*** Data records
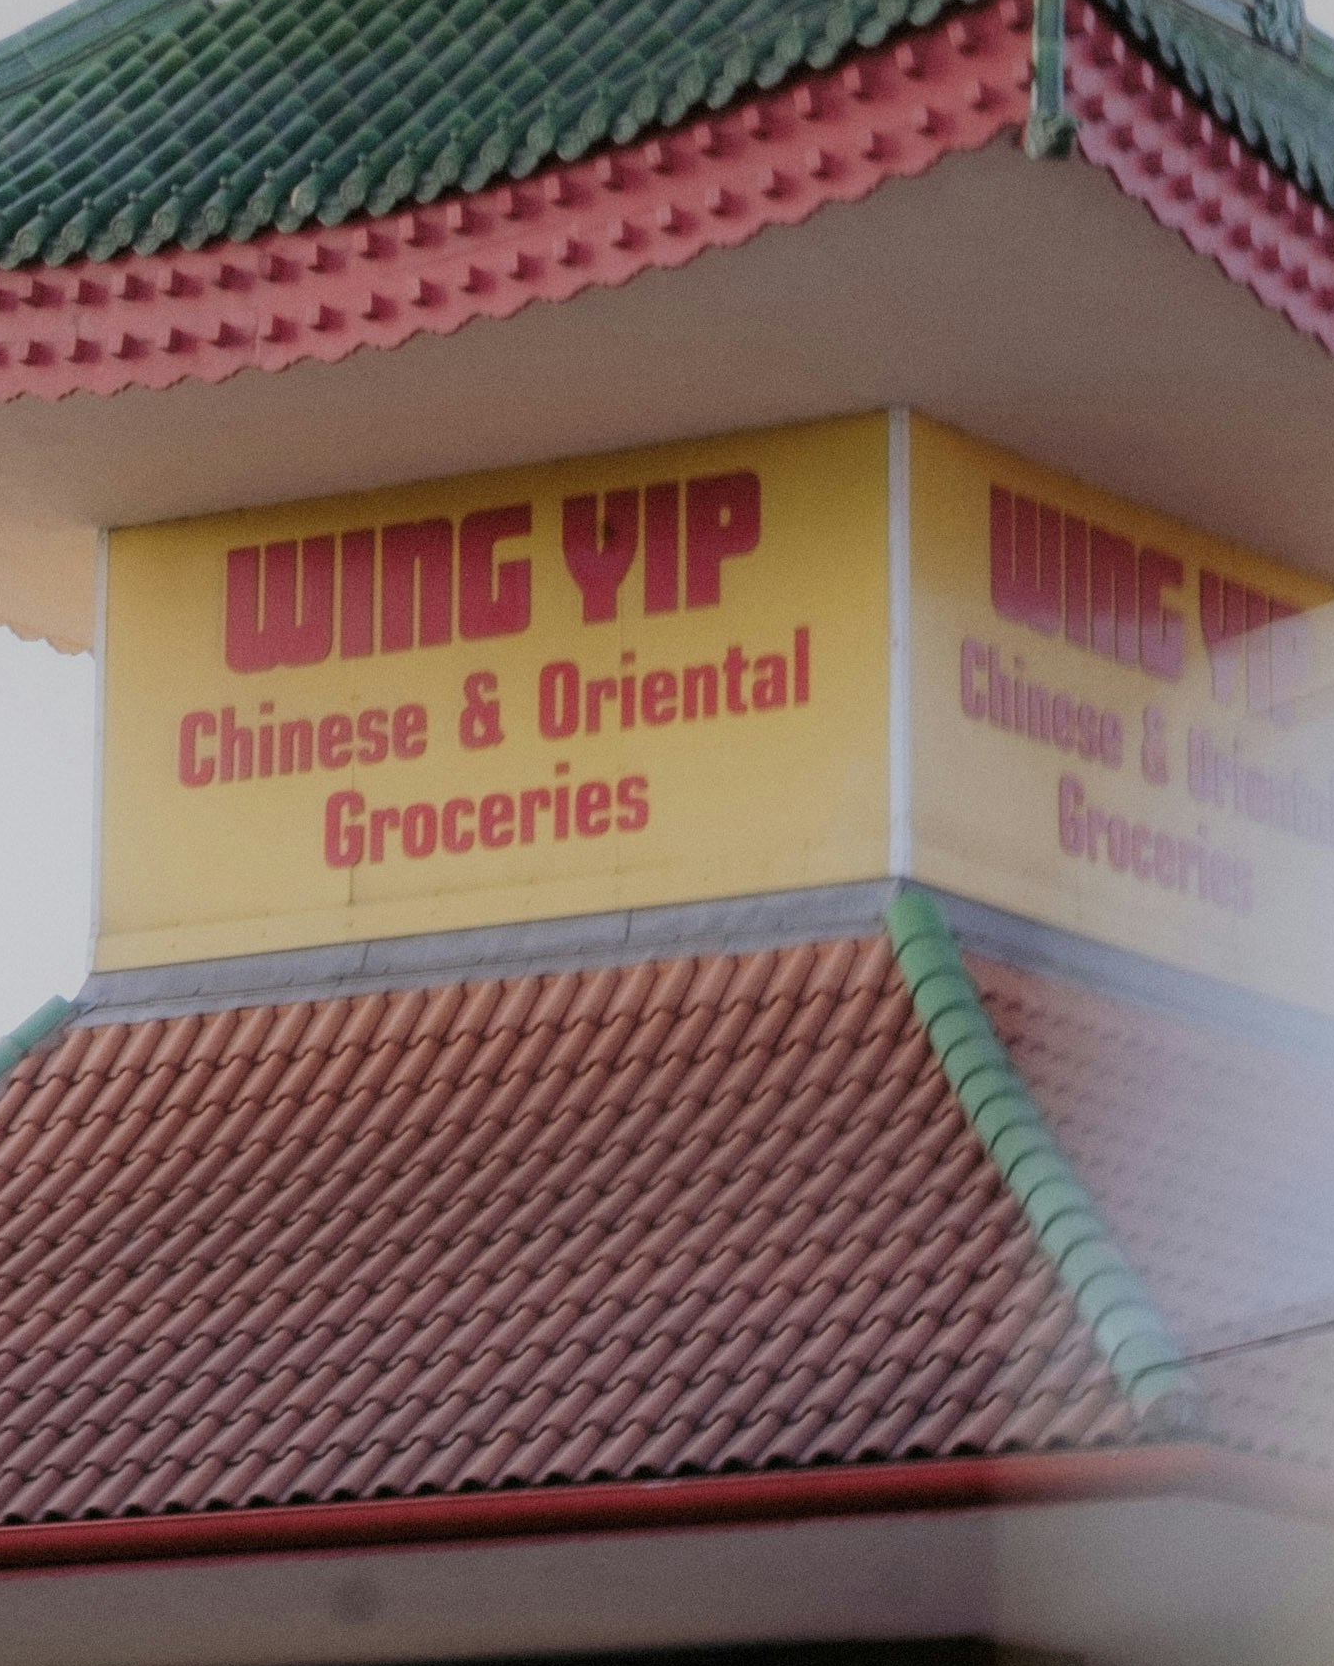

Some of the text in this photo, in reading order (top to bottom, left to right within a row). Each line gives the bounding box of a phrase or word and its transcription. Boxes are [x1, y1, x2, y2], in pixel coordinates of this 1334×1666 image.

[224, 470, 763, 673] WING YIP
[177, 626, 811, 788] Chinese & Oriental
[961, 636, 1124, 769] Chinese
[1140, 703, 1170, 787] &
[324, 763, 650, 870] Groceries
[1058, 773, 1255, 913] Groceries
******
__Your objective__:
Each record above should be copied character for character, with pictures dropped.

__Answer__:
Some of the text in this photo, in reading order (top to bottom, left to right within a row). Each line gives the bounding box of a phrase or word and its transcription. Boxes are [x1, y1, x2, y2], in pixel coordinates of this 1334×1666 image.

[224, 470, 763, 673] WING YIP
[177, 626, 811, 788] Chinese & Oriental
[961, 636, 1124, 769] Chinese
[1140, 703, 1170, 787] &
[324, 763, 650, 870] Groceries
[1058, 773, 1255, 913] Groceries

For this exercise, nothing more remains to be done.